__Task brief__.
When you restate the entries that follow, keep every word exactly and drop the pictures.

Collected data

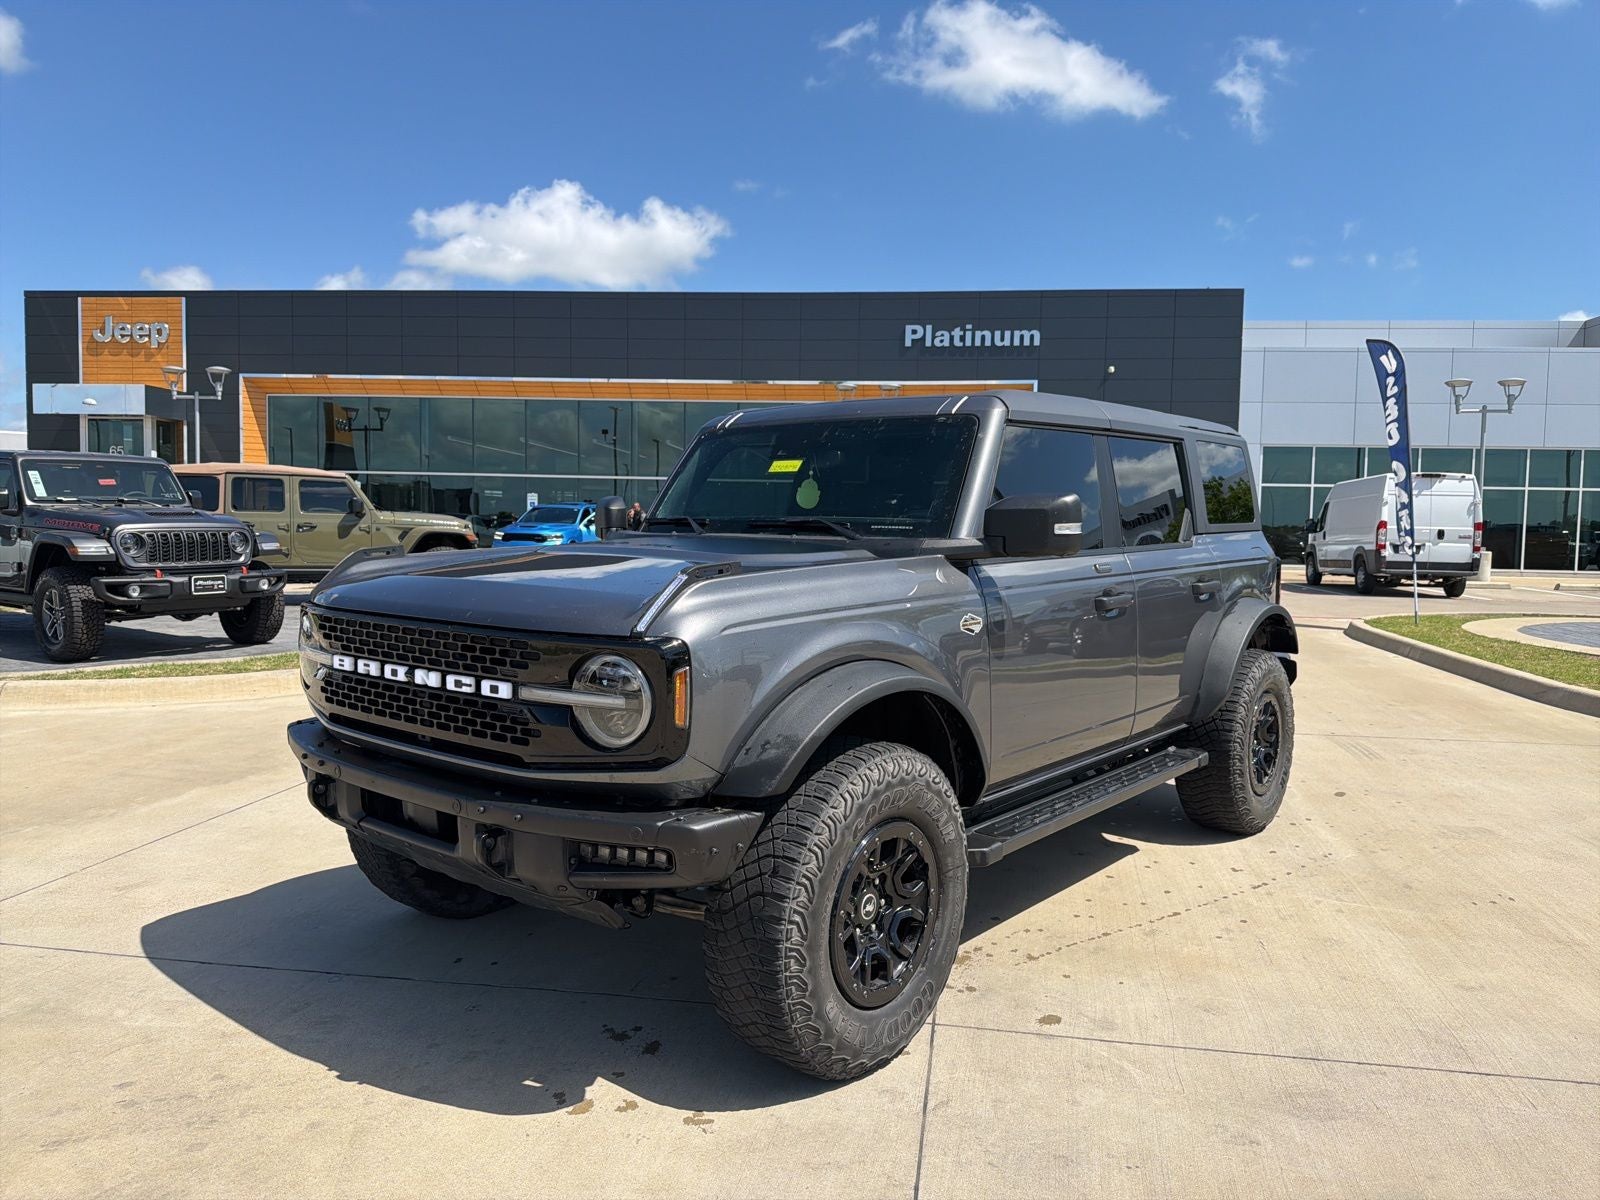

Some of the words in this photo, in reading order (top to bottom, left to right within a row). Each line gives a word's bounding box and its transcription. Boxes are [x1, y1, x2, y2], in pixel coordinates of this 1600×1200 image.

[92, 315, 169, 348] Jeep
[904, 324, 1041, 347] Platinum
[109, 445, 124, 456] 65
[44, 517, 101, 531] MOJAVE
[333, 654, 513, 700] BRONCO
[853, 783, 956, 844] GOODYEAR
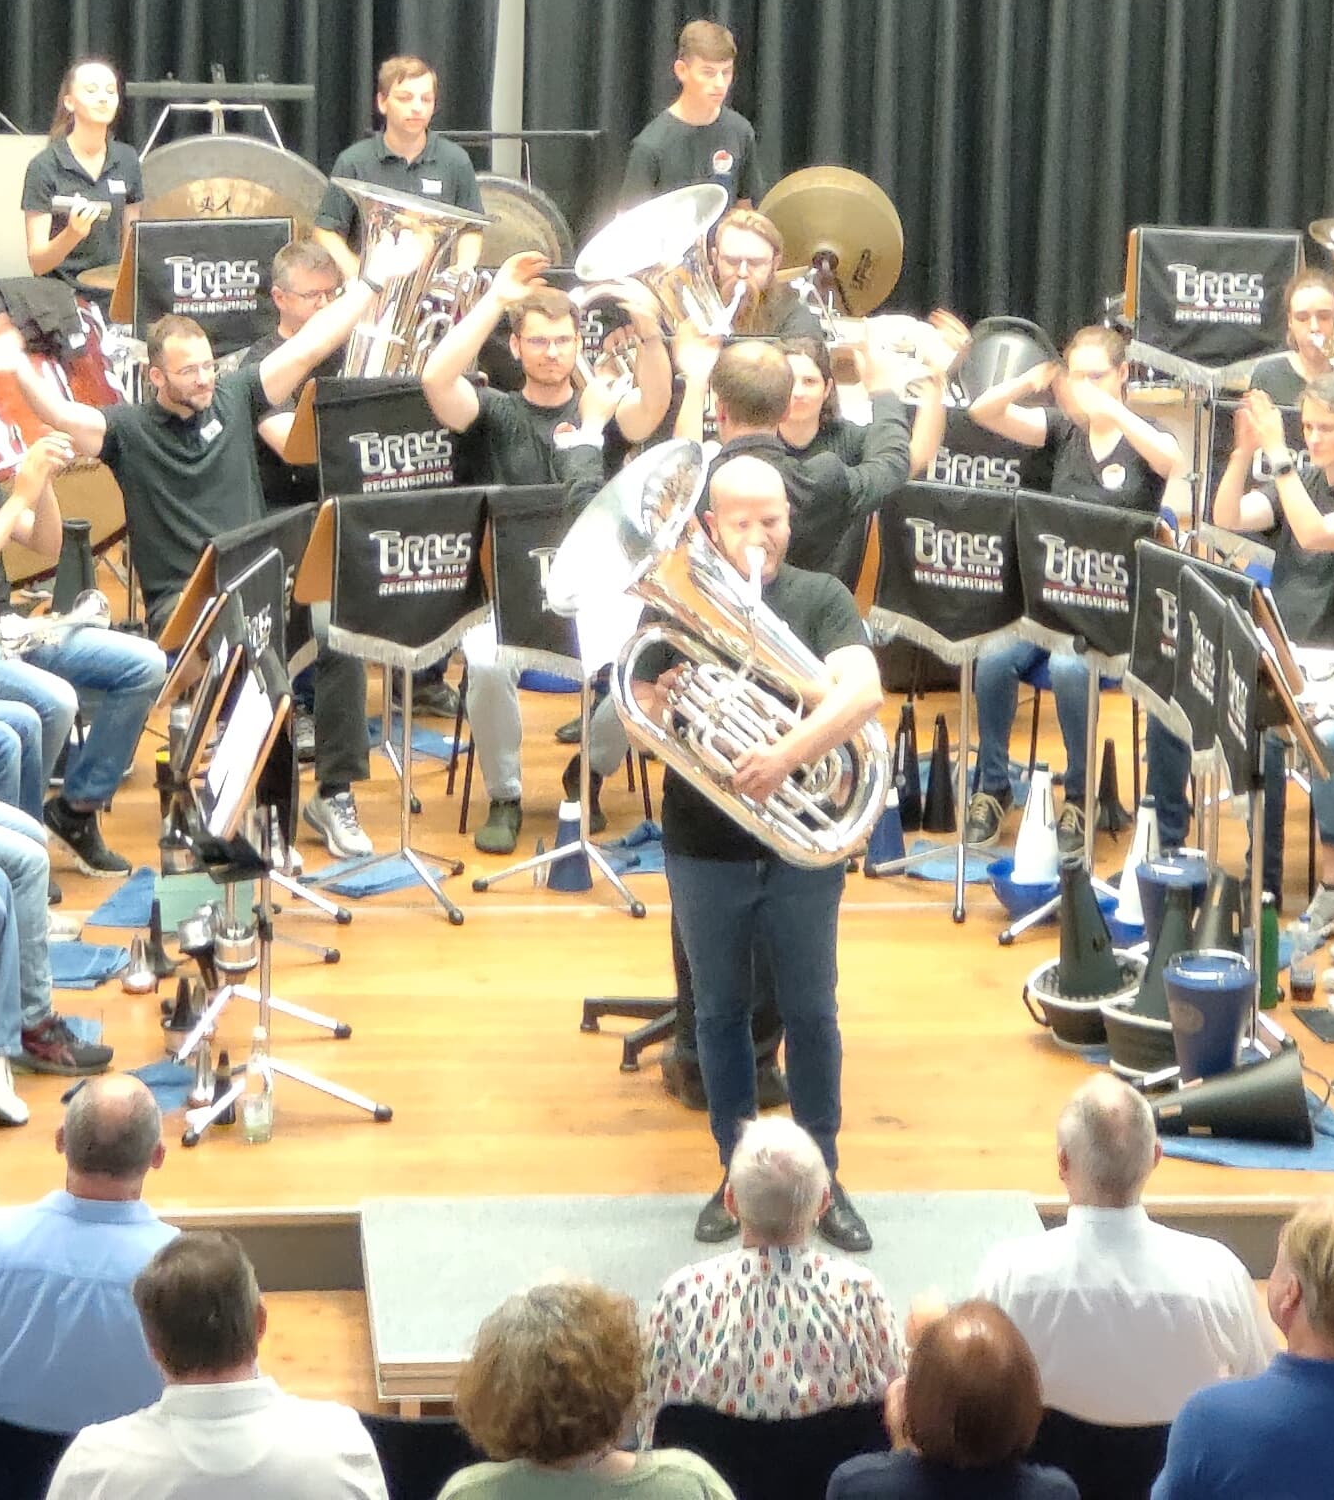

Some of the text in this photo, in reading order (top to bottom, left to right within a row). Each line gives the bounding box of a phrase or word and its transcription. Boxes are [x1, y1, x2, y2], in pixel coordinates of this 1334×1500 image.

[164, 255, 260, 299] BRASS
[1167, 263, 1264, 308] BRASS
[349, 428, 452, 475] BRASS
[926, 446, 1021, 487] BRASS
[362, 471, 454, 493] REGENSBURG
[369, 530, 472, 577] BRASS
[906, 518, 1003, 571] BRASS
[1038, 534, 1129, 589] BRASS
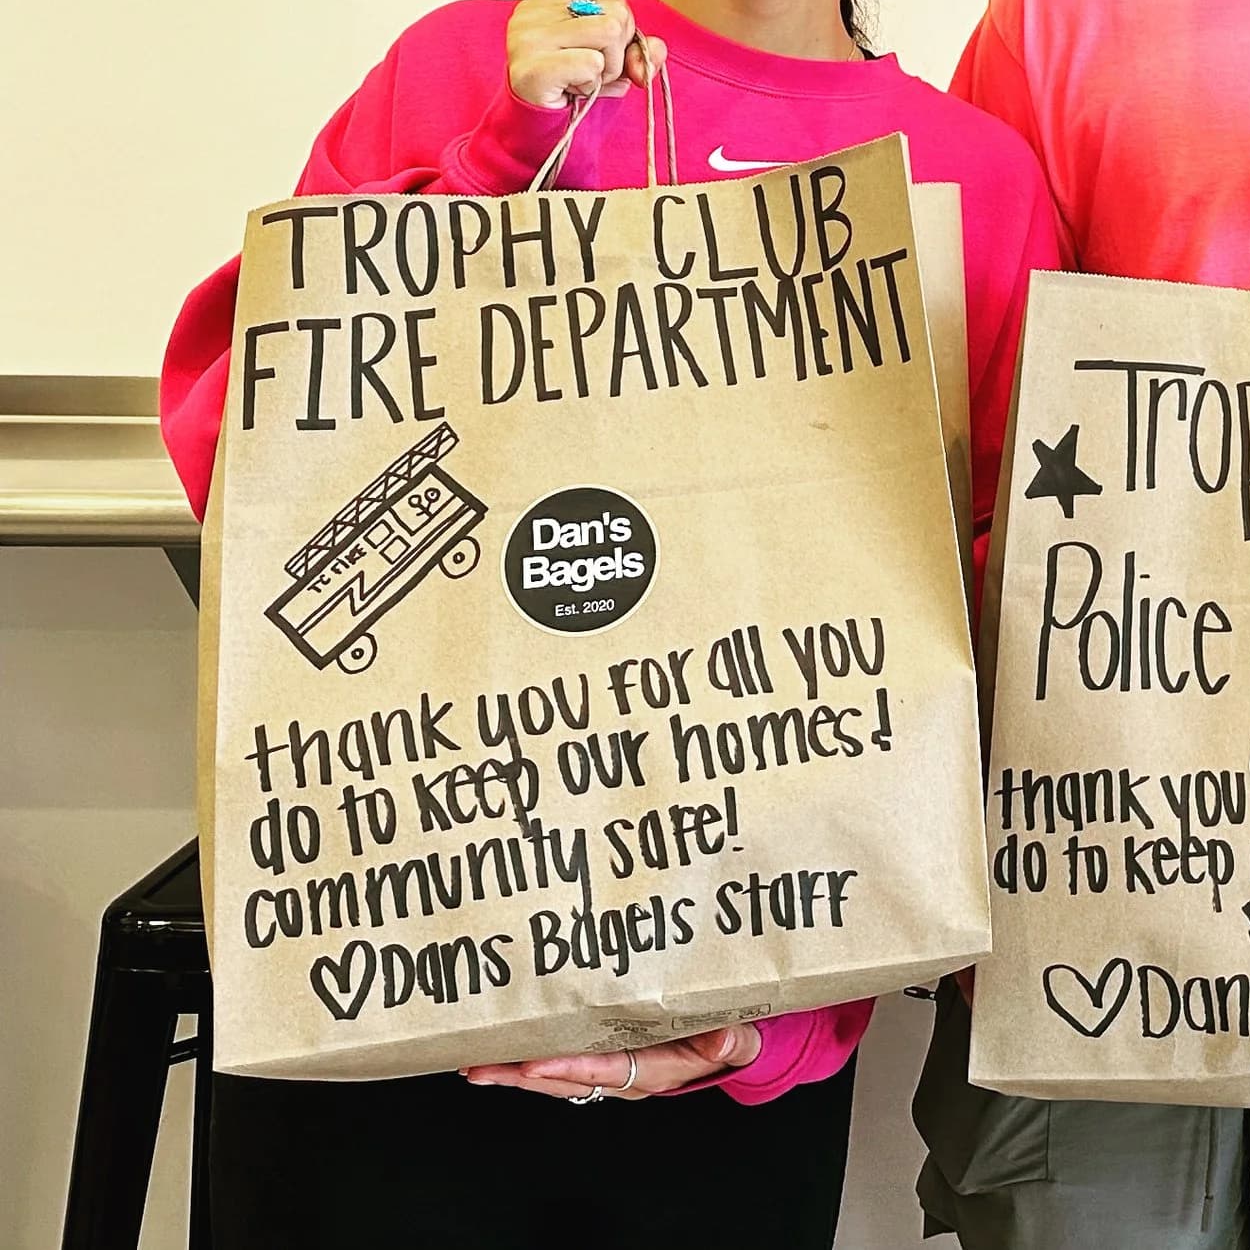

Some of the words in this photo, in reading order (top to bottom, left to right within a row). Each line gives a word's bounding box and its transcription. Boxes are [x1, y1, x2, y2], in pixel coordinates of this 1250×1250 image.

[263, 196, 606, 297] TROPHY
[653, 166, 853, 282] CLUB
[242, 308, 446, 431] FIRE
[481, 249, 912, 405] DEPARTMENT
[307, 573, 332, 593] TC
[331, 542, 367, 574] FIRE
[522, 547, 645, 592] Bagels
[532, 512, 632, 550] Dan's
[555, 603, 580, 617] Est.
[582, 598, 615, 615] 2020
[1035, 541, 1233, 701] Police
[245, 692, 459, 792] thank
[477, 672, 590, 760] you
[706, 624, 774, 699] all
[783, 617, 886, 701] you
[249, 797, 322, 877] do
[337, 784, 396, 857] to
[557, 726, 648, 795] our
[671, 688, 893, 784] homes!
[994, 767, 1155, 833] thank
[1160, 771, 1246, 845] you
[244, 818, 594, 950] community
[993, 834, 1048, 895] do
[1062, 835, 1109, 896] to
[382, 931, 516, 1010] Dans
[528, 894, 695, 978] Bagels

__Problem solution__.
Some of the words in this photo, in reading order (top to bottom, left to right within a row). Each line gives a word's bounding box and its transcription. Boxes are [x1, y1, x2, y2], in pixel coordinates of this 1600×1200 image.

[92, 315, 169, 348] Jeep
[904, 324, 1041, 347] Platinum
[109, 445, 124, 456] 65
[44, 517, 101, 531] MOJAVE
[333, 654, 513, 700] BRONCO
[853, 783, 956, 844] GOODYEAR

Some of the text in this photo, in reading order (top to bottom, left to right within a row). Each line gives the bounding box of a phrase or word and its transcription. Boxes are [x1, y1, x2, y2], in pixel coordinates of this 1334×1500 image.

[164, 255, 260, 299] BRASS
[1167, 263, 1264, 308] BRASS
[349, 428, 452, 475] BRASS
[926, 446, 1021, 487] BRASS
[362, 471, 454, 493] REGENSBURG
[369, 530, 472, 577] BRASS
[906, 518, 1003, 571] BRASS
[1038, 534, 1129, 589] BRASS

Some of the words in this photo, in reading order (top to bottom, left to right within a row). Each line gives a word's bounding box and its transcription. Boxes are [x1, y1, x2, y2], in pixel coordinates of this 1250×1250 image.

[263, 196, 606, 297] TROPHY
[653, 166, 853, 282] CLUB
[242, 308, 446, 431] FIRE
[481, 249, 912, 405] DEPARTMENT
[307, 573, 332, 593] TC
[331, 542, 367, 574] FIRE
[522, 547, 645, 592] Bagels
[532, 512, 632, 550] Dan's
[555, 603, 580, 617] Est.
[582, 598, 615, 615] 2020
[1035, 541, 1233, 701] Police
[245, 692, 459, 792] thank
[477, 672, 590, 760] you
[706, 624, 774, 699] all
[783, 617, 886, 701] you
[249, 797, 322, 877] do
[337, 784, 396, 857] to
[557, 726, 648, 795] our
[671, 688, 893, 784] homes!
[994, 767, 1155, 833] thank
[1160, 771, 1246, 845] you
[244, 818, 594, 950] community
[993, 834, 1048, 895] do
[1062, 835, 1109, 896] to
[382, 931, 516, 1010] Dans
[528, 894, 695, 978] Bagels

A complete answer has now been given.